Encore une fois, ce n’est pas qu’il soit médiocre. Le héros médiocre, ça fera partie d’un autre ensemble d’images. Il est grand, il est grand déjà comme par nature, dans ce type d’image-action mais il ne l’est que potentiellement. Ce qui ne nous étonne pas puisque cette image-action du premier type, c’est le probléme de l’actualisation. A savoir comment le milieu lui-même actualise des qualités et des puissances. On ne considére plus les qualités et les puissances en elles-mêmes, on les considère comme actualisées dans un état de chose, donc comment l’état de chose actualise les qualités et les puissances. C’est ça qui définit la Grande Situation. Mais le héros aussi, il est potentiellement capable de l’action mais il faut qu’il le devienne actuellement. Il faut qu’il actualise les qualités et les puissances qui vont le rendre capable de modifier la situation.

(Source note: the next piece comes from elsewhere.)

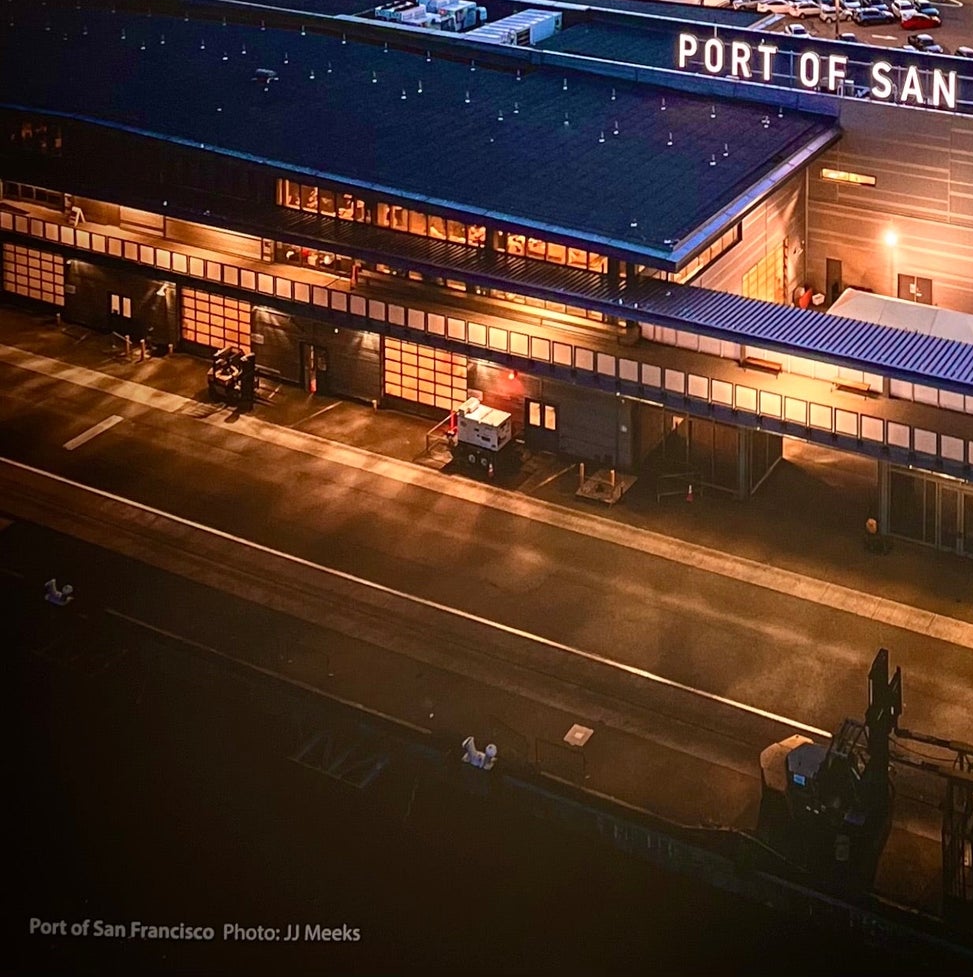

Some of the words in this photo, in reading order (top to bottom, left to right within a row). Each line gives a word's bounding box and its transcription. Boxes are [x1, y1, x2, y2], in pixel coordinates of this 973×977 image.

[678, 32, 779, 82] PORT
[799, 50, 849, 92] OF
[870, 60, 957, 110] SAN
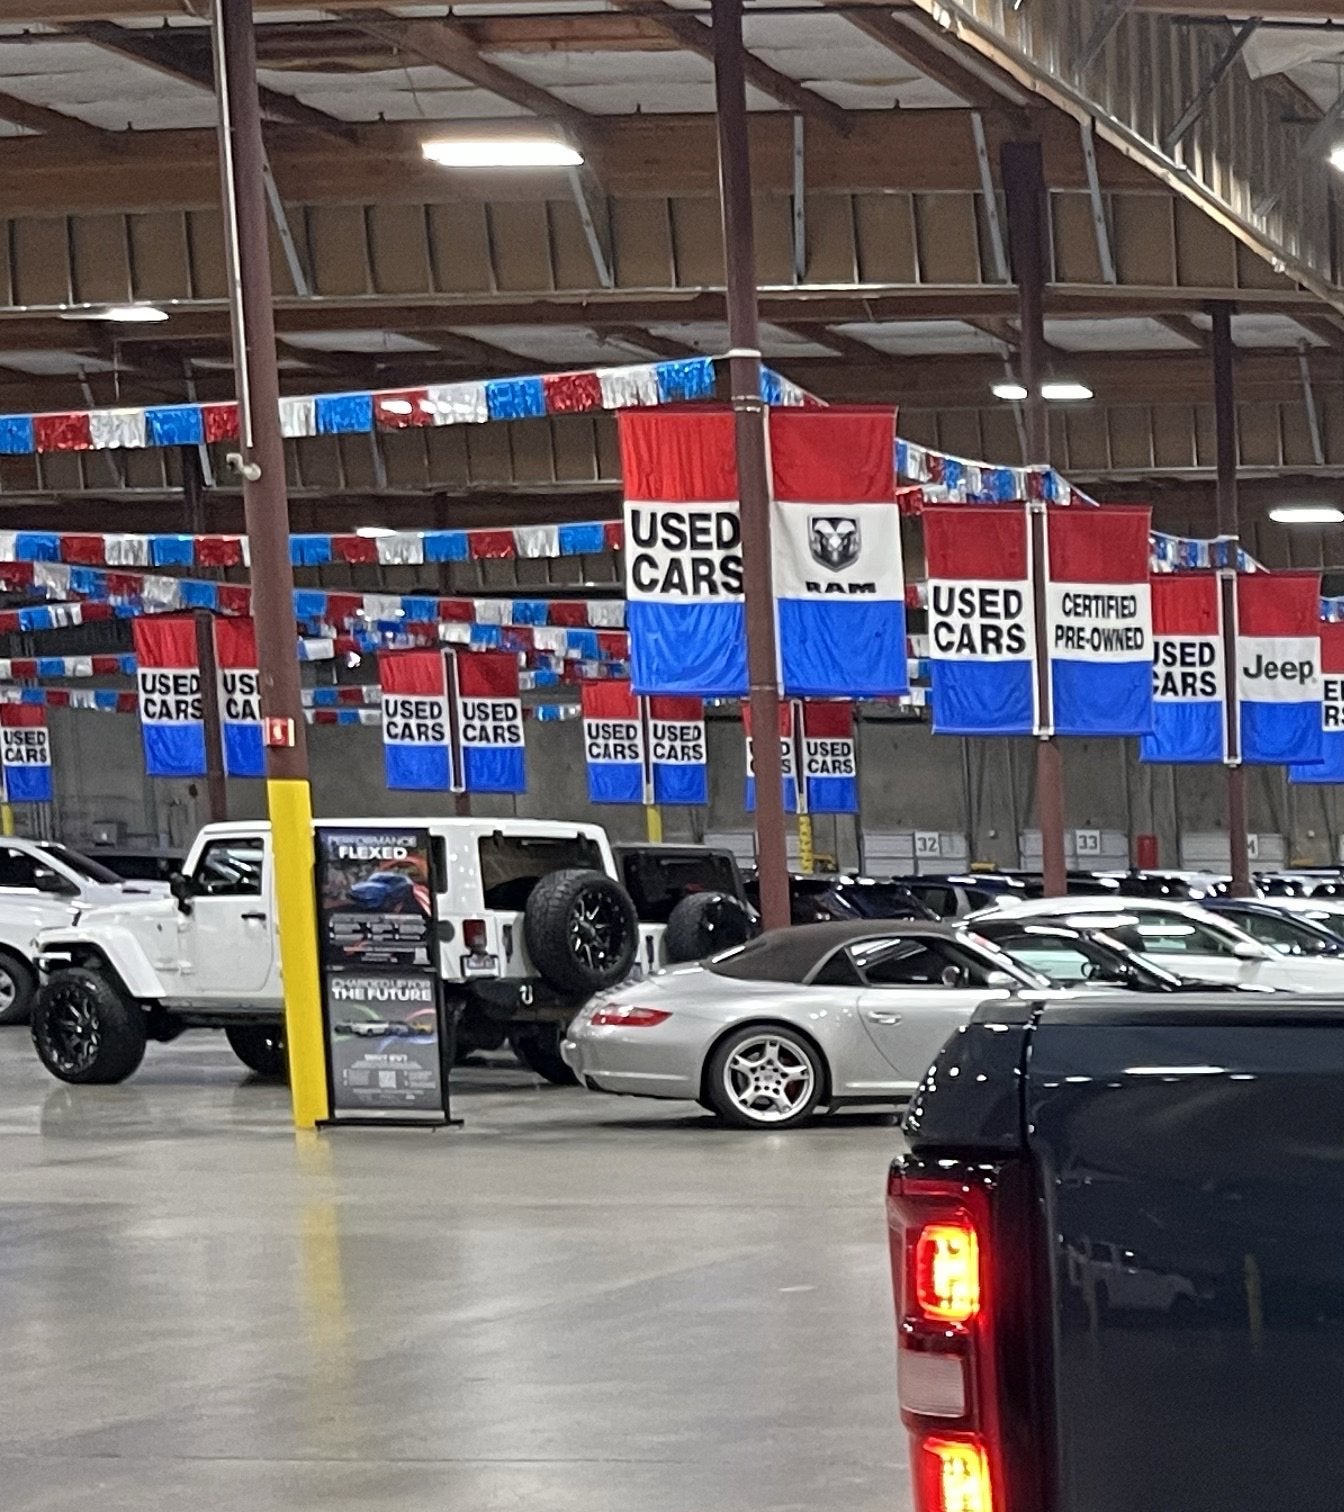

D’ou cette espèce de longue épreuve du héros. Et c’est peut-être en s’éloignant de la possibilité de faire l’action qu’il va s’en rapprocher dans un espèce de cheminement que l’on appellera le destin ou la destinée du héros. Et il va passer par des moments de doutes, si grand soit-il, et il lui faudra des aides, des aides pourquoi ? Il lui faudra des alliés pour devenir actuellement capable puisque en lui-même et en temps que héros, il n’était que "potentiellement" capable de l’action.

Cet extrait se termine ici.